Work instructions
Give the records again exactly as written. Leave out the pictures.

------

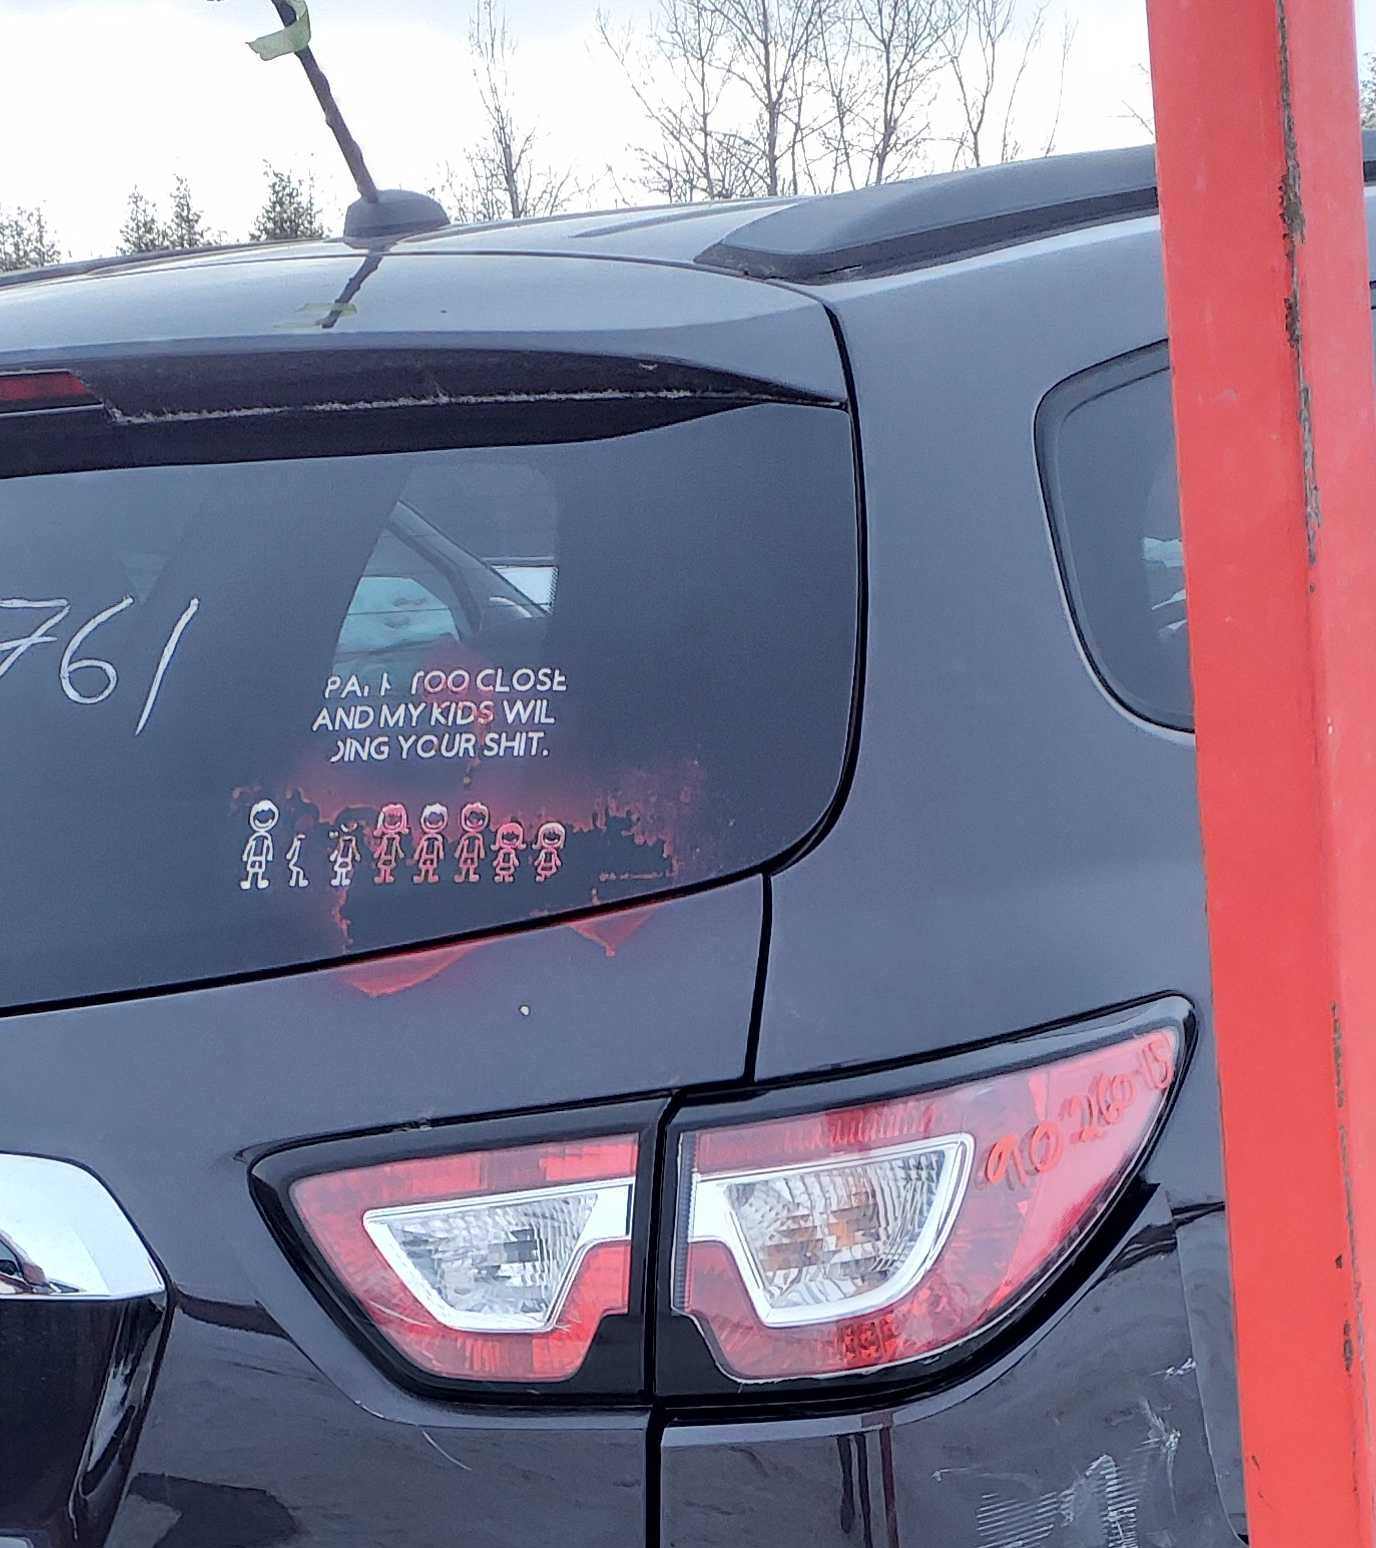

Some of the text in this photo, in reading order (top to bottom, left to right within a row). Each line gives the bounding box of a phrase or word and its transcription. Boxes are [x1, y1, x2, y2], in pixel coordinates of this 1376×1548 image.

[476, 668, 567, 693] CLOSE
[311, 705, 374, 731] AND
[379, 702, 426, 727] MY
[430, 700, 494, 725] KIDS
[398, 734, 476, 759] YOUR
[483, 732, 549, 757] SHIT.
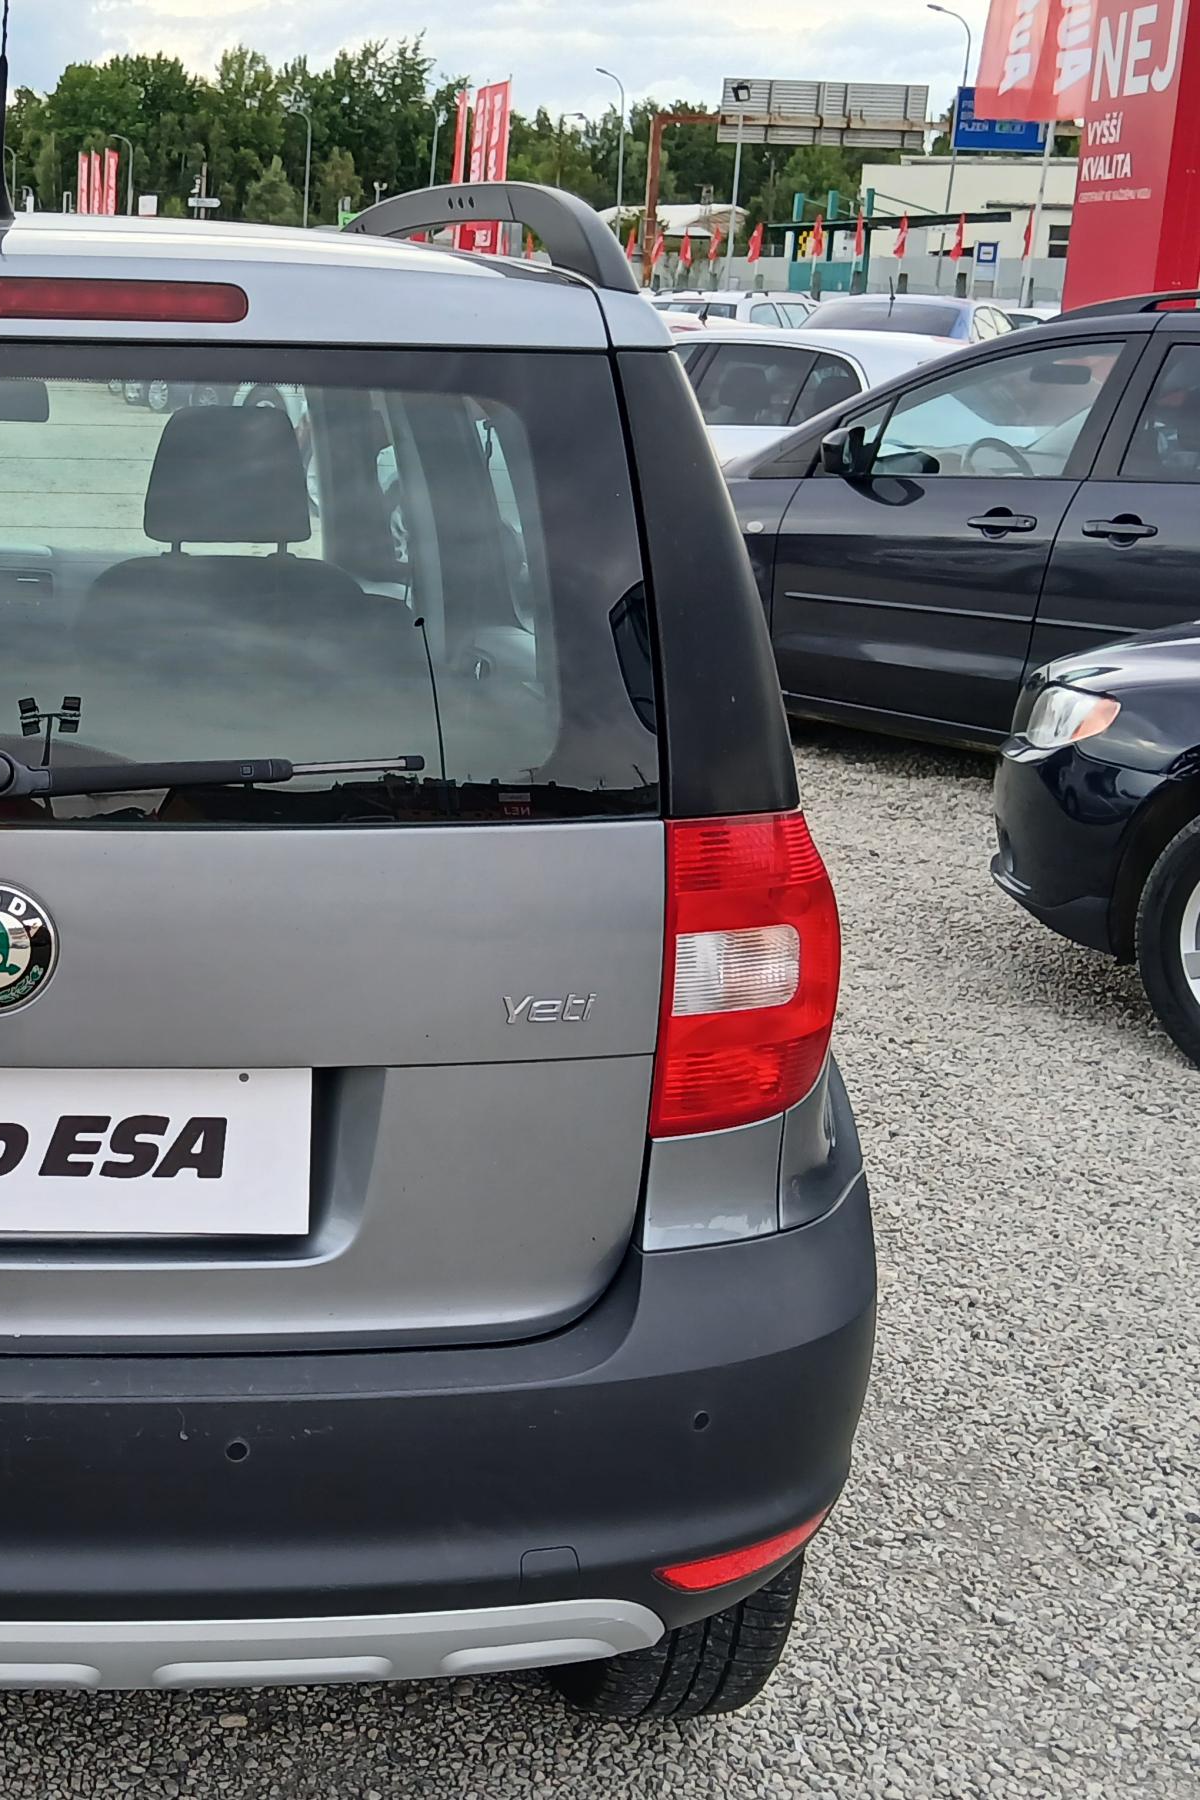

------

Answer section
Some of the text in this photo, in reading order (top to bottom, left to right within a row). Each line gives the bounding box of a phrase or word and its transcription. Boxes are [x1, y1, x2, y2], in pixel coordinates of this 1376×1548 image.

[476, 668, 567, 693] CLOSE
[311, 705, 374, 731] AND
[379, 702, 426, 727] MY
[430, 700, 494, 725] KIDS
[398, 734, 476, 759] YOUR
[483, 732, 549, 757] SHIT.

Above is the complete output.